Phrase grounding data
══════════

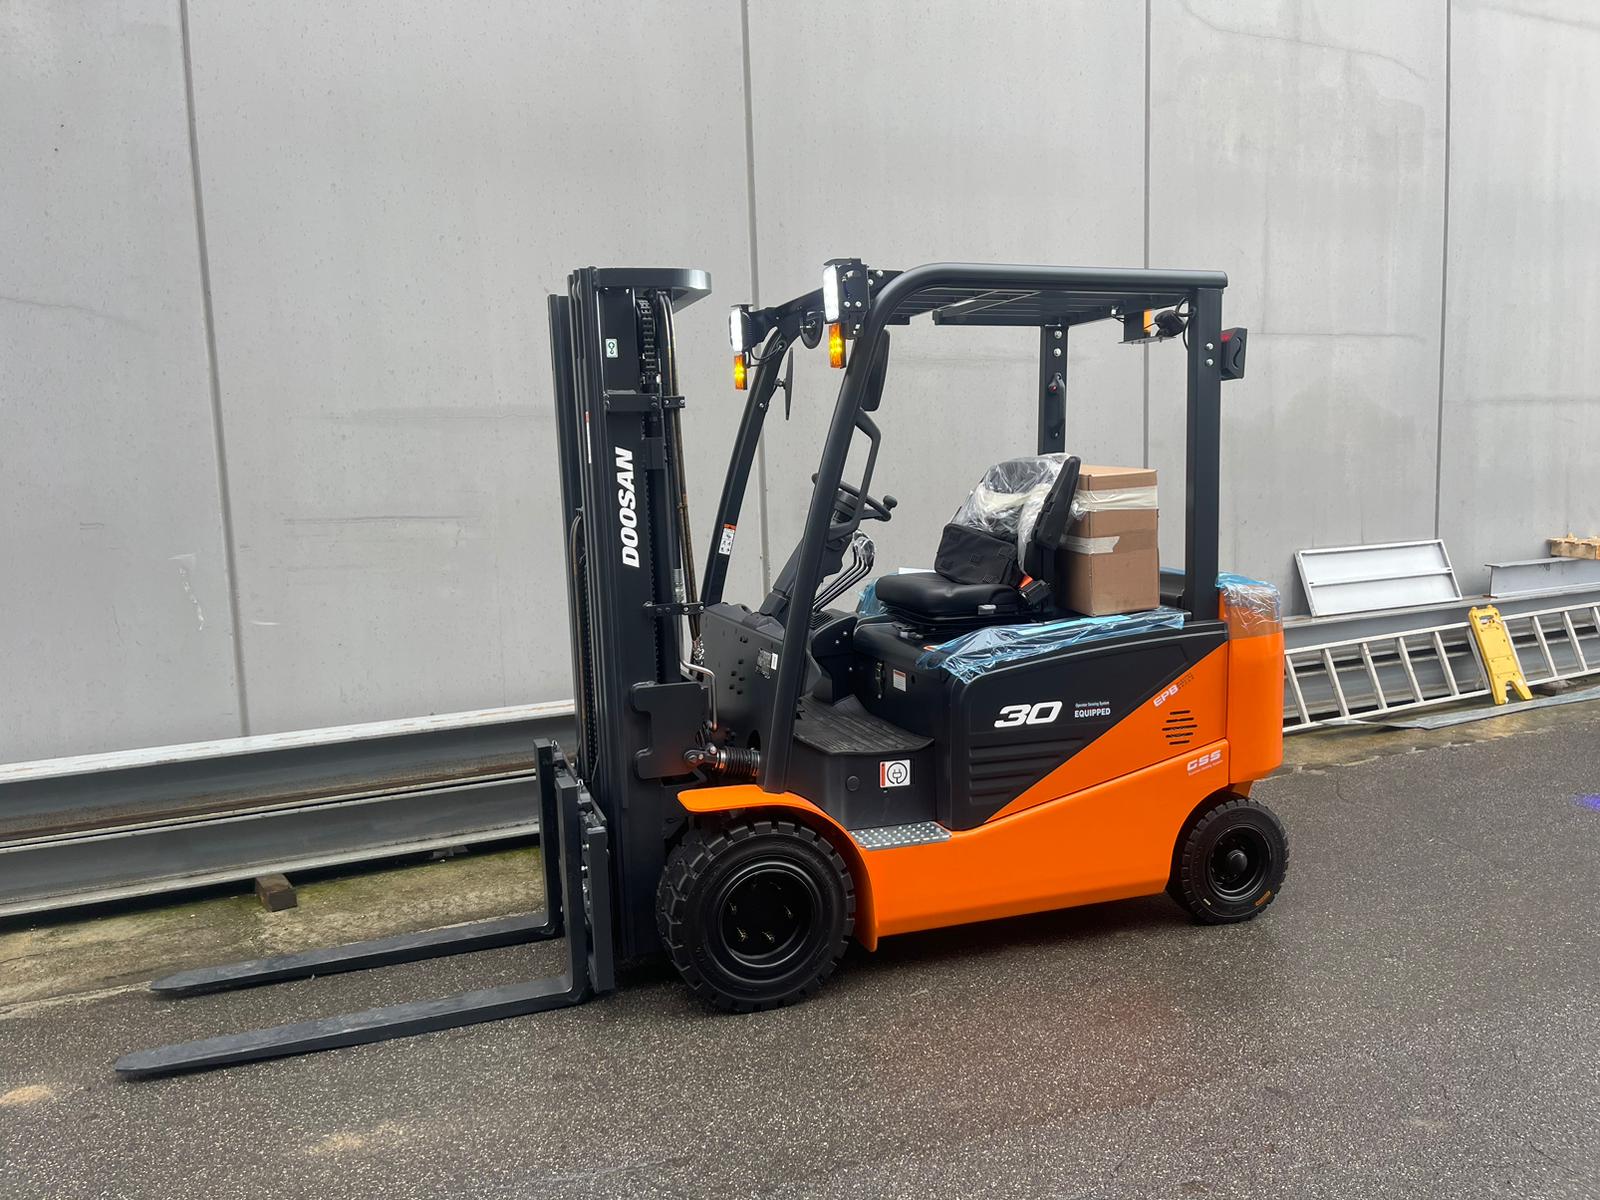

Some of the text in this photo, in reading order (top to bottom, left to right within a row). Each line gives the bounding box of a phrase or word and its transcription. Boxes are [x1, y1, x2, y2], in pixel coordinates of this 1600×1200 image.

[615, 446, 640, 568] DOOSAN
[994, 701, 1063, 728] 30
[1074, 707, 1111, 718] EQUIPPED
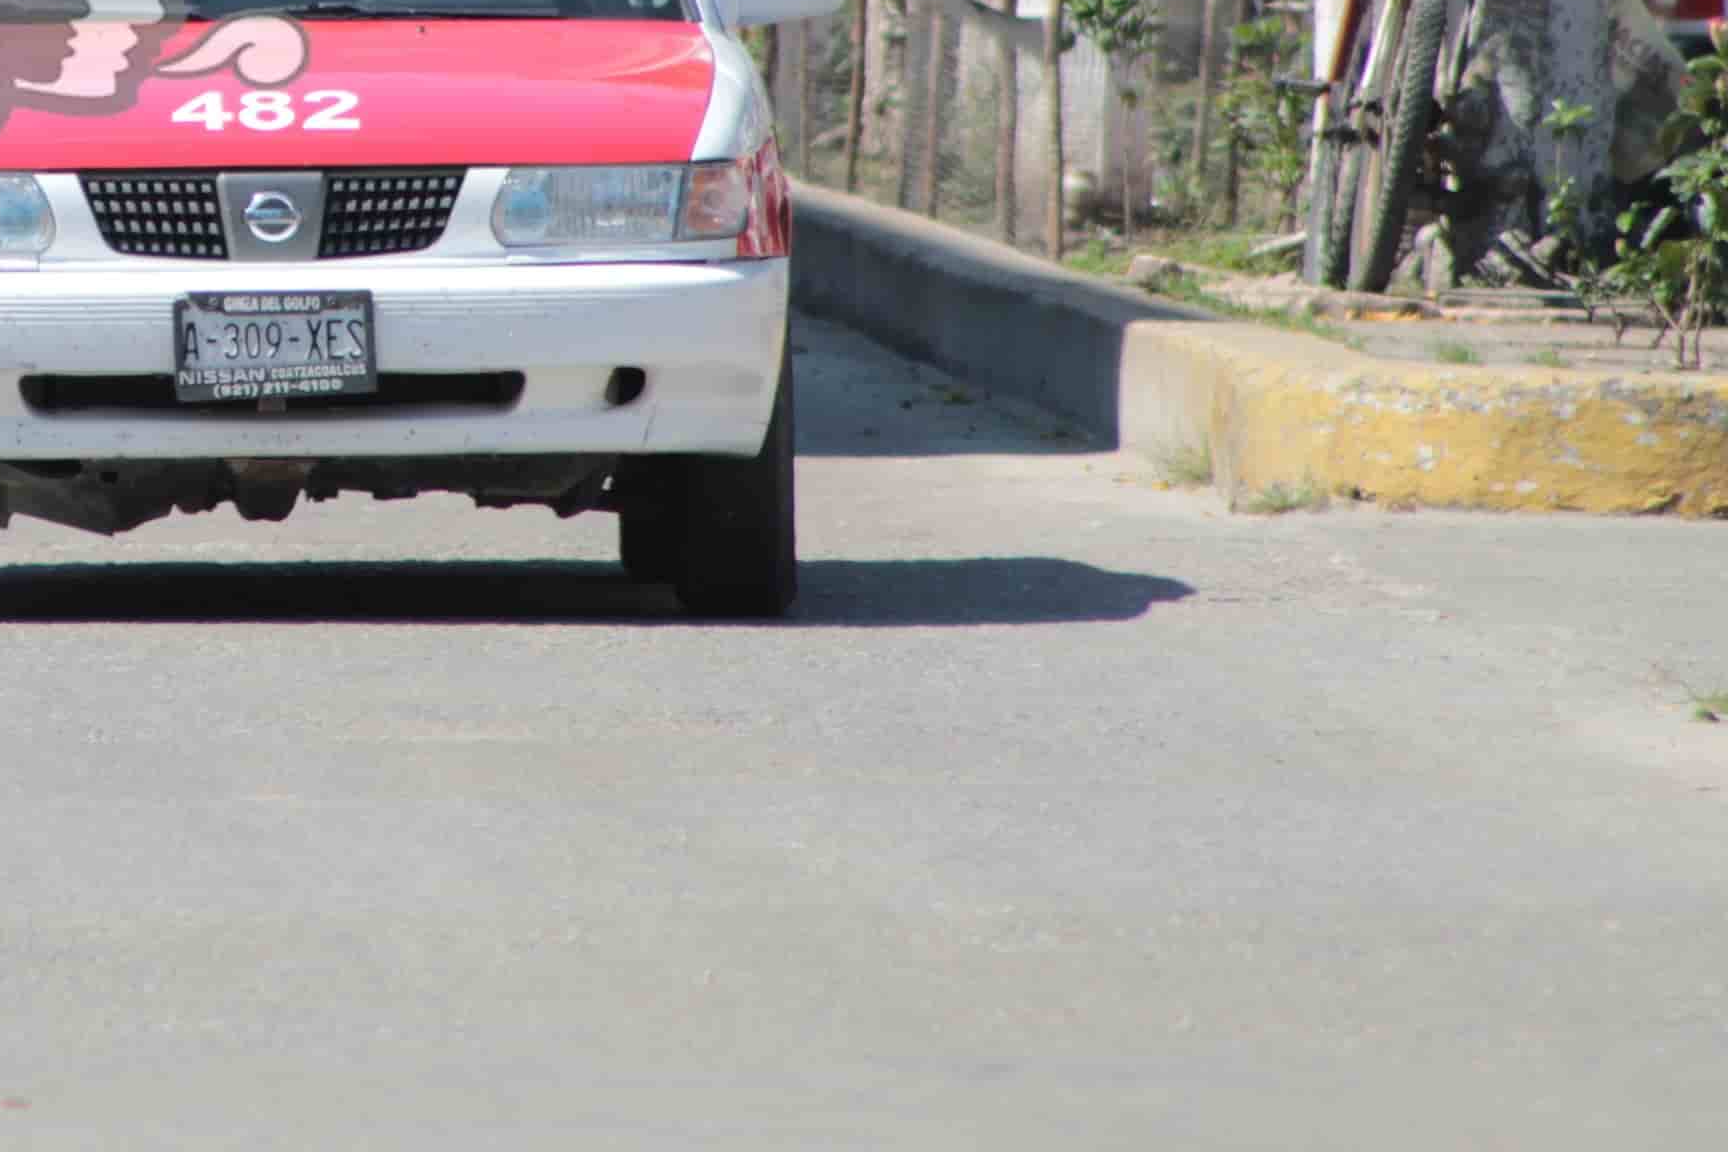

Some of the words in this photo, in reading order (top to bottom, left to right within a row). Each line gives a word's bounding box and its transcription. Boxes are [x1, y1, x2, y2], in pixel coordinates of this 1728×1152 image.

══════════

ASSIGNED TASK → Please hand back every entry above exactly, with no images in the copy.

TASK RESULT →
Some of the text in this photo, in reading order (top to bottom, left to right within a row). Each line gives the bounding box of a phrase or word and its transcription. Boxes are [x1, y1, x2, y2], in pixel coordinates of this 1600×1200 image.

[615, 446, 640, 568] DOOSAN
[994, 701, 1063, 728] 30
[1074, 707, 1111, 718] EQUIPPED

Some of the words in this photo, in reading order (top to bottom, left to right within a row). Each line gives a word's bounding box and its transcription. Boxes are [x1, y1, x2, y2], in pixel coordinates of this 1728×1152 image.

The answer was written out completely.